The only thing more fascinating than "Game of Thrones" is the man behind the "Song of Fire and Ice" book series, which inspired the hit HBO show.
George R.R. Martin sat down with Rolling Stone recently to talk about all things "GoT" -- for 10 hours, mind you -- and the historical inspirations behind many of the characters and events in the series. He discussed his opposition to the Vietnam War during his youth, his trip to England that inspired the Wall and the vision that first led him to writing the fantasy series.
The interview is a must-read for any diehard "Game of Thrones" fan, but below are the highlights, and one surprising reveal -- one of the best parts of the series was almost never included.

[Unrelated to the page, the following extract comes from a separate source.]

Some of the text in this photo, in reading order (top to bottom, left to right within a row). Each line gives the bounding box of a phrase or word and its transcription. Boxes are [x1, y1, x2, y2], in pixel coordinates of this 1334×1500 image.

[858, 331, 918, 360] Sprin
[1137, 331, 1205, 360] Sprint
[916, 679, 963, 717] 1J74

There almost weren't dragons in the books:
"The main question was the dragons: Do I include dragons? I knew I wanted to have the Targaryens have their symbol be the dragons; the Lannisters have the lions, the Starks have the wolves. Should these things be literal here? Should the Targaryens actually have dragons? I was discussing this with a friend, writer Phyllis Eisenstein – I dedicated the third book to her -– and she said, 'George, it's a fantasy –- you've got to put in the dragons.' She convinced me, and it was the right decision. Now that I'm deep into it, I can't imagine the book without the dragons."
The historical inspiration for the Wall:
"I can trace back the inspiration for that to 1981. I was in England visiting a friend, and as we approached the border of England and Scotland, we stopped to see Hadrian's Wall. I stood up there and I tried to imagine what it was like to be a Roman legionary, standing on this wall, looking at these distant hills. It was a very profound feeling. But when you write fantasy, everything is bigger and more colorful, so I took the Wall and made it three times as long and 700 feet high, and made it out of ice."

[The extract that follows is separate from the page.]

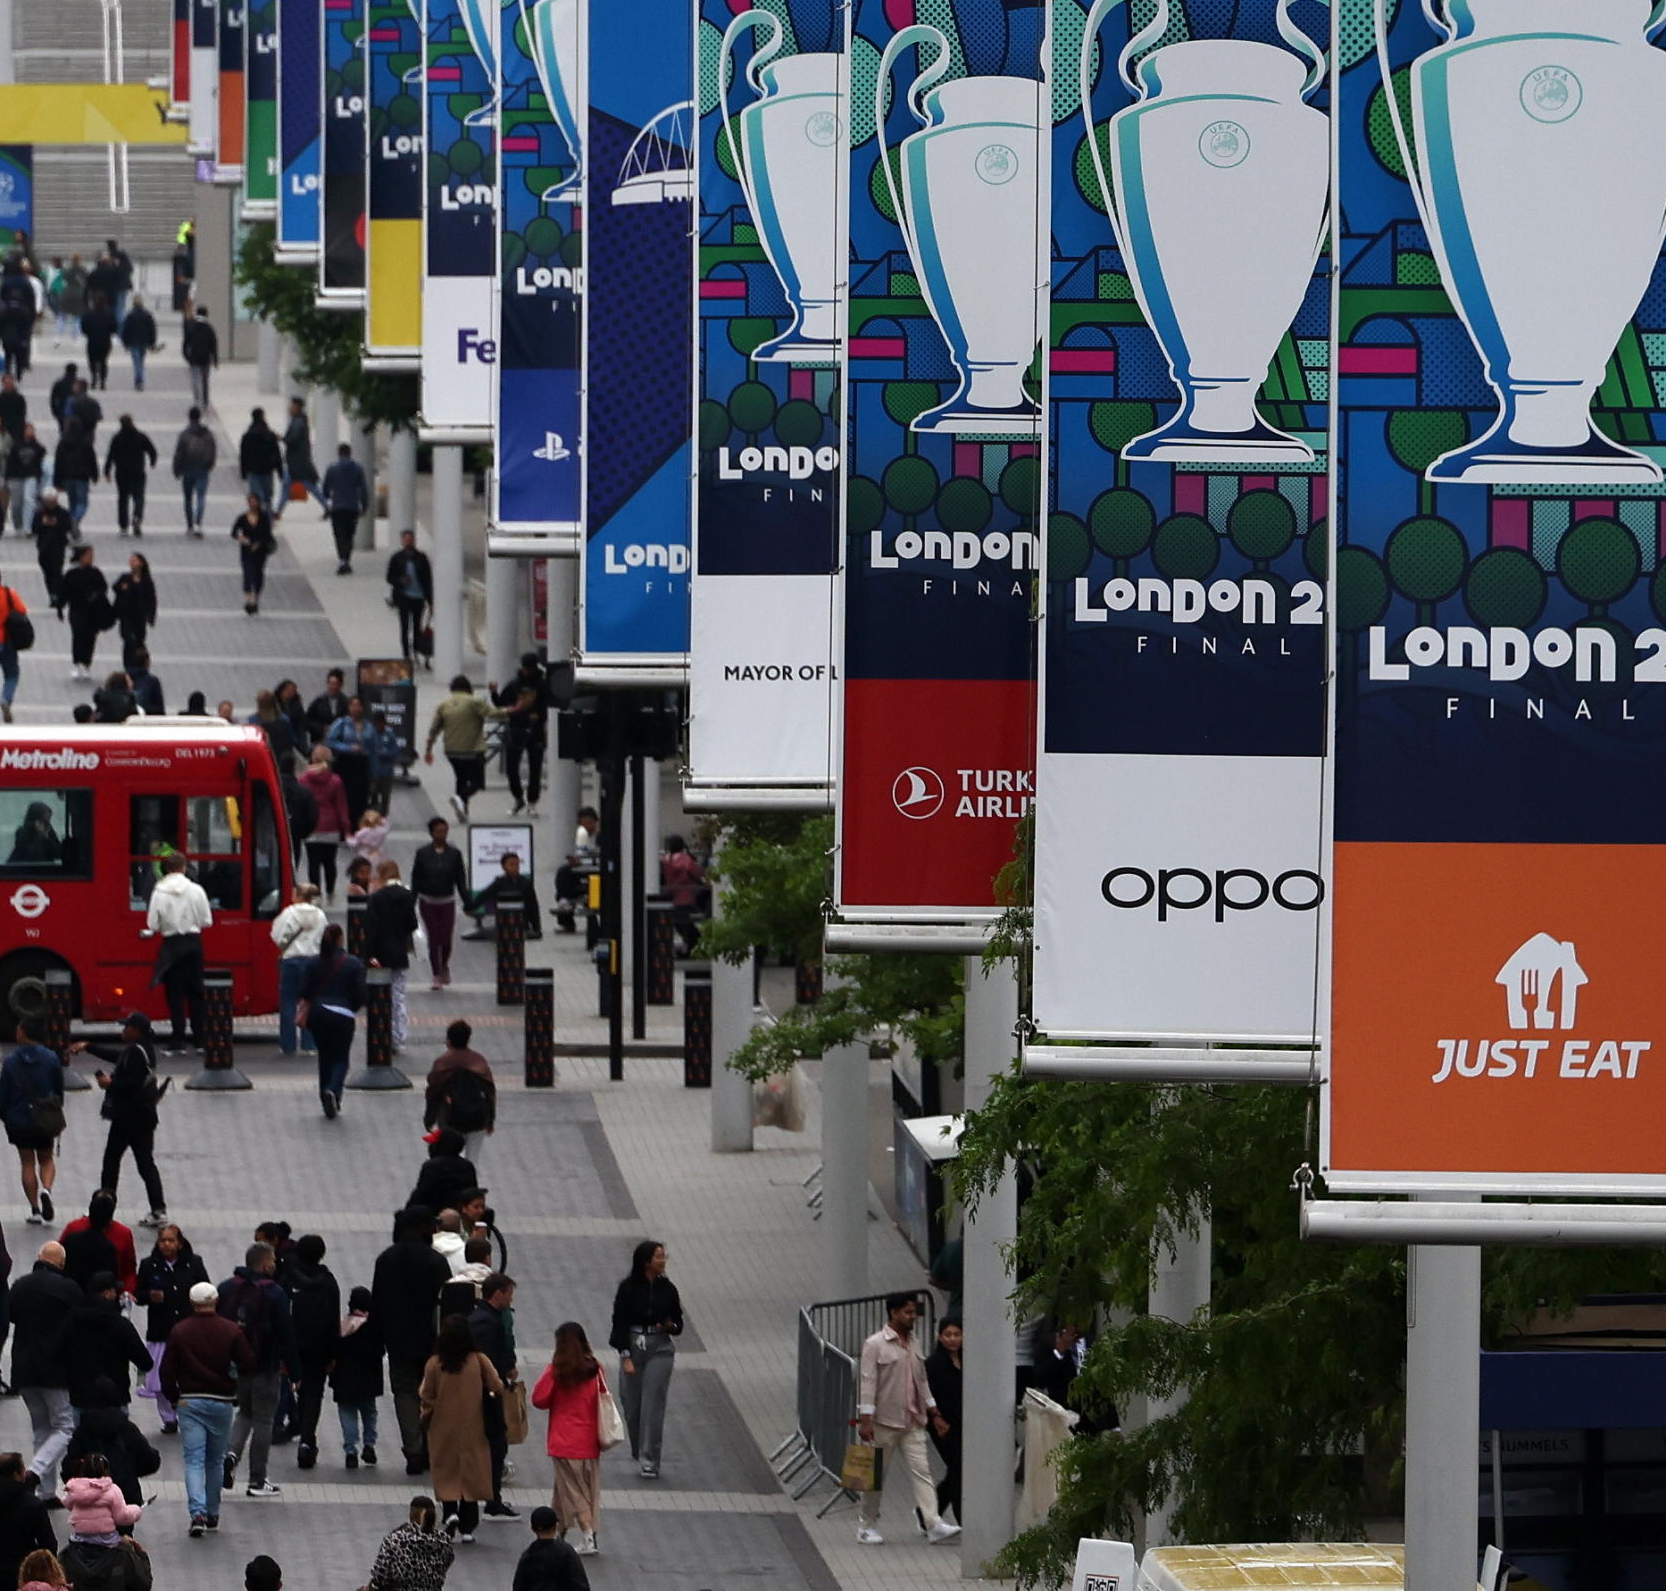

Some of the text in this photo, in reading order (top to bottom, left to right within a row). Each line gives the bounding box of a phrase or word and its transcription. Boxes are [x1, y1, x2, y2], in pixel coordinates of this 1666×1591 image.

He has a bit of a quibble with J.R.R. Tolkien:
"Ruling is hard. This was maybe my answer to Tolkien, whom, as much as I admire him, I do quibble with. 'Lord of the Rings' had a very medieval philosophy: that if the king was a good man, the land would prosper. We look at real history and it's not that simple. Tolkien can say that Aragorn became king and reigned for a hundred years, and he was wise and good. But Tolkien doesn't ask the question: What was Aragorn's tax policy? Did he maintain a standing army? What did he do in times of flood and famine? In real life, real-life kings had real-life problems to deal with. Just being a good guy was not the answer. I've tried to get at some of these in my books. My people who are trying to rule don't have an easy time of it. Just having good intentions doesn't make you a wise king."
He had a really hard time writing the Red Wedding:
"The Red Wedding was tremendously hard to write. I skipped over it until I finished the entirety of 'A Storm of Swords,' then I went back and forced myself to write that chapter. I loved those characters too much. But I knew it had to be done. The TV Red Wedding is even worse than the book, of course, because ['GoT' creators David Benioff and D.B. Weiss] turned it up to 11 by bringing in Talisa, pregnant with Robb's child, none of which happened in the book. So we get a pregnant woman stabbed repeatedly in the belly."
He believes all people deserve a shot a redemption:
"One of the things I wanted to explore with Jaime, and with so many of the characters, is the whole issue of redemption. When can we be redeemed? Is redemption even possible? I don't have an answer. But when do we forgive people? You see it all around in our society, in constant debates. Should we forgive Michael Vick? I have friends who are dog-lovers who will never forgive Michael Vick. Michael Vick has served years in prison; he's apologized. Has he apologized sufficiently? Woody Allen: Is Woody Allen someone that we should laud, or someone that we should despise? Or Roman Polanski, Paula Deen. Our society is full of people who have fallen in one way or another, and what do we do with these people? How many good acts make up for a bad act? ... I want there to be a possibility of redemption for us, because we all do terrible things. We should be able to be forgiven. Because if there is no possibility of redemption, what's the answer then?"
"Game of Thrones" airs on Sundays at 9 p.m. EDT on HBO.